Restate the listing below word for word, and leave its pictures behind.
Top of Record extracts
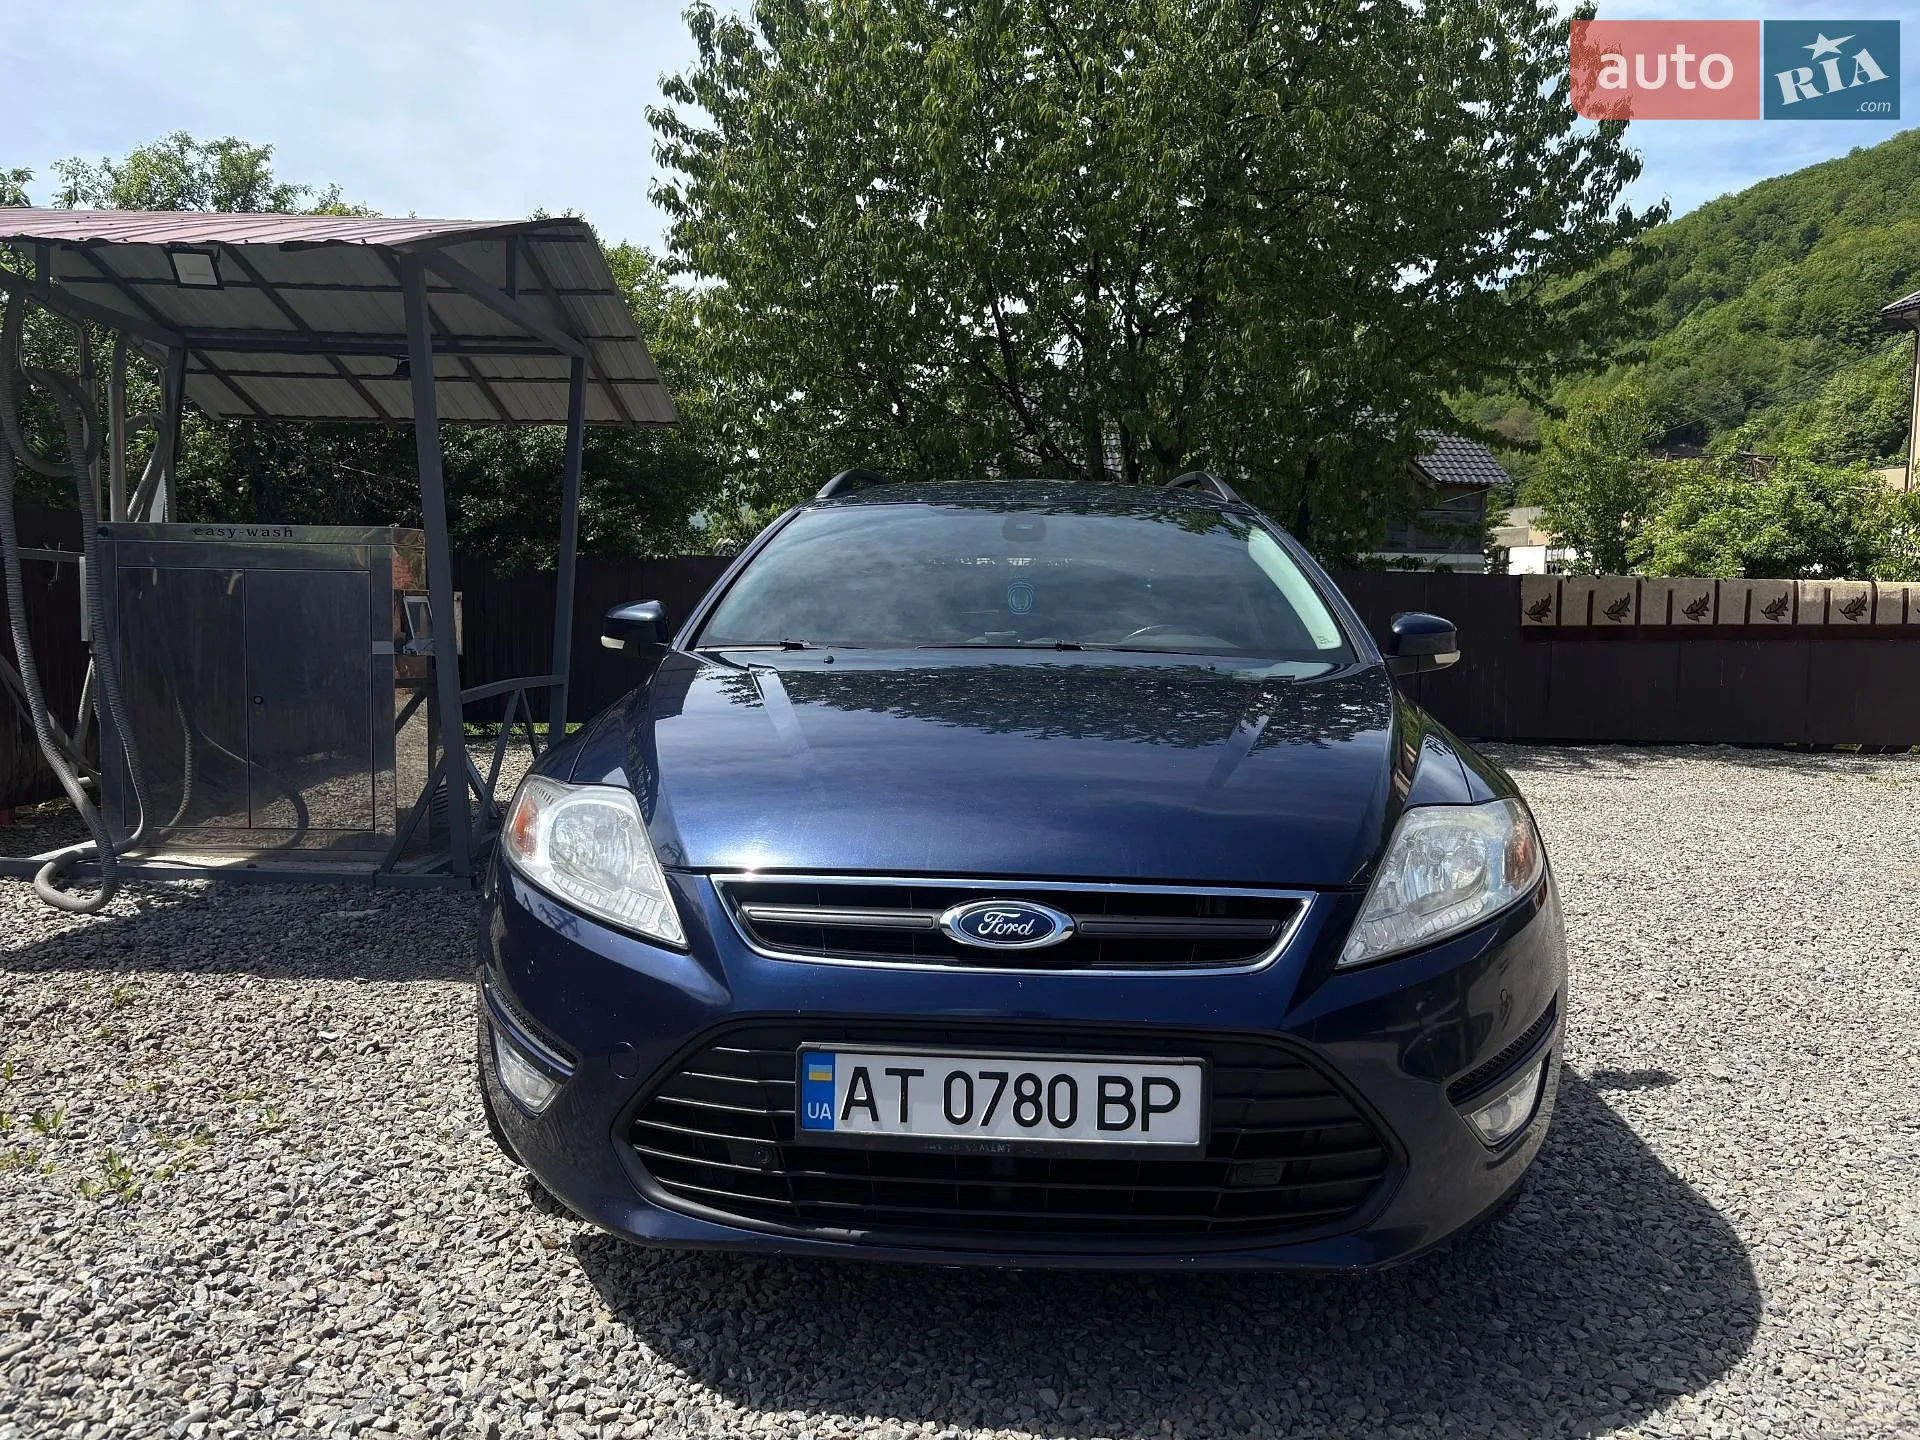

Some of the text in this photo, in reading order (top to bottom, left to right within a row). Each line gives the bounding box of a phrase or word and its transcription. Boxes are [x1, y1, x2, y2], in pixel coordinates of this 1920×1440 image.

[193, 526, 294, 538] easy-wash
[977, 911, 1036, 936] Ford
[840, 1066, 1182, 1132] AT 0780 BP
[807, 1101, 832, 1121] UA
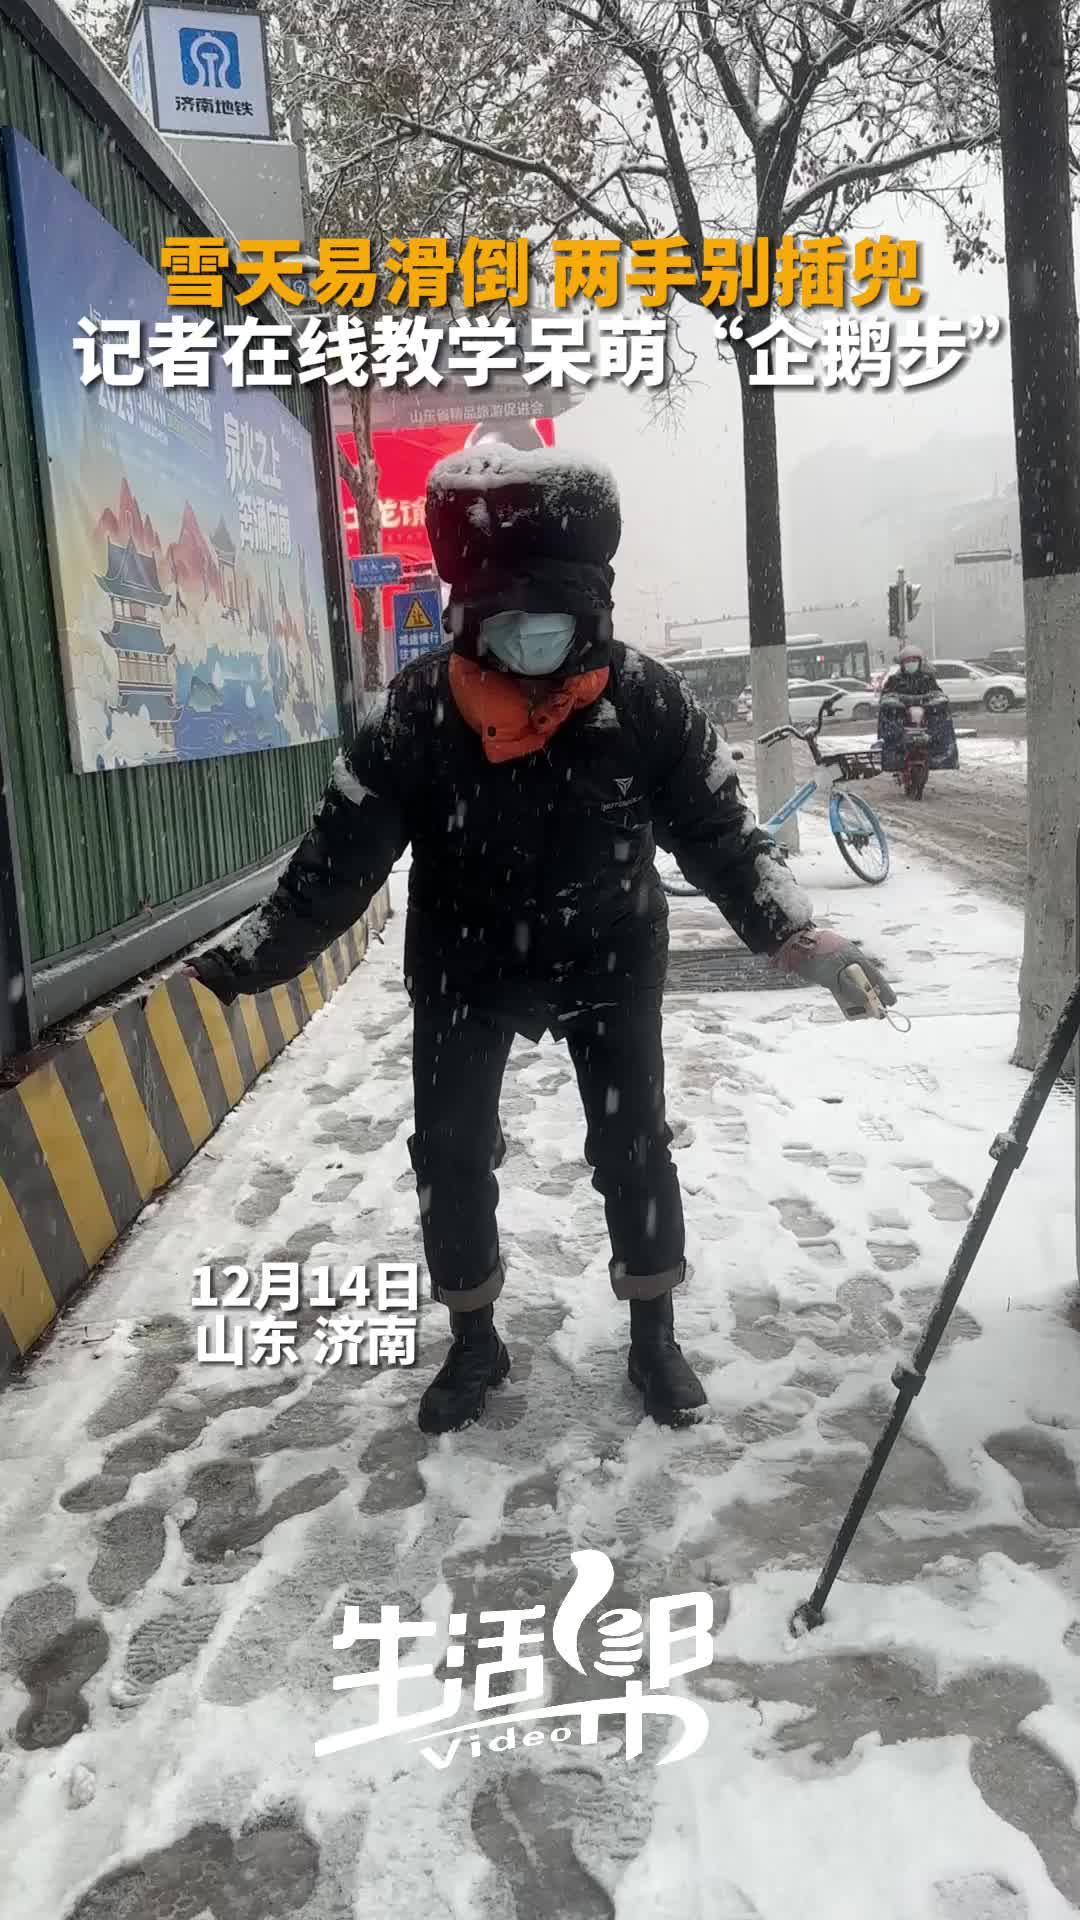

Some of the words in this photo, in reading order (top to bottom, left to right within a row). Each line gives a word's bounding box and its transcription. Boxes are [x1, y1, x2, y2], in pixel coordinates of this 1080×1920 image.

[175, 96, 253, 116] 济南地铁
[409, 400, 545, 423] 山东省精品旅游促进会
[223, 411, 282, 492] 泉水之上
Bottom of Record extracts
Solution for this task ->
Some of the text in this photo, in reading order (top to bottom, left to right within a row). Each line gives the bounding box of a phrase or word and its transcription. Boxes are [x1, y1, x2, y2], in pixel coordinates of this 1920×1440 image.

[193, 526, 294, 538] easy-wash
[977, 911, 1036, 936] Ford
[840, 1066, 1182, 1132] AT 0780 BP
[807, 1101, 832, 1121] UA

Some of the words in this photo, in reading order (top to bottom, left to right within a row). Each line gives a word's bounding box and its transcription. Boxes are [x1, y1, x2, y2], in pixel coordinates of this 1080×1920 image.

[175, 96, 253, 116] 济南地铁
[409, 400, 545, 423] 山东省精品旅游促进会
[223, 411, 282, 492] 泉水之上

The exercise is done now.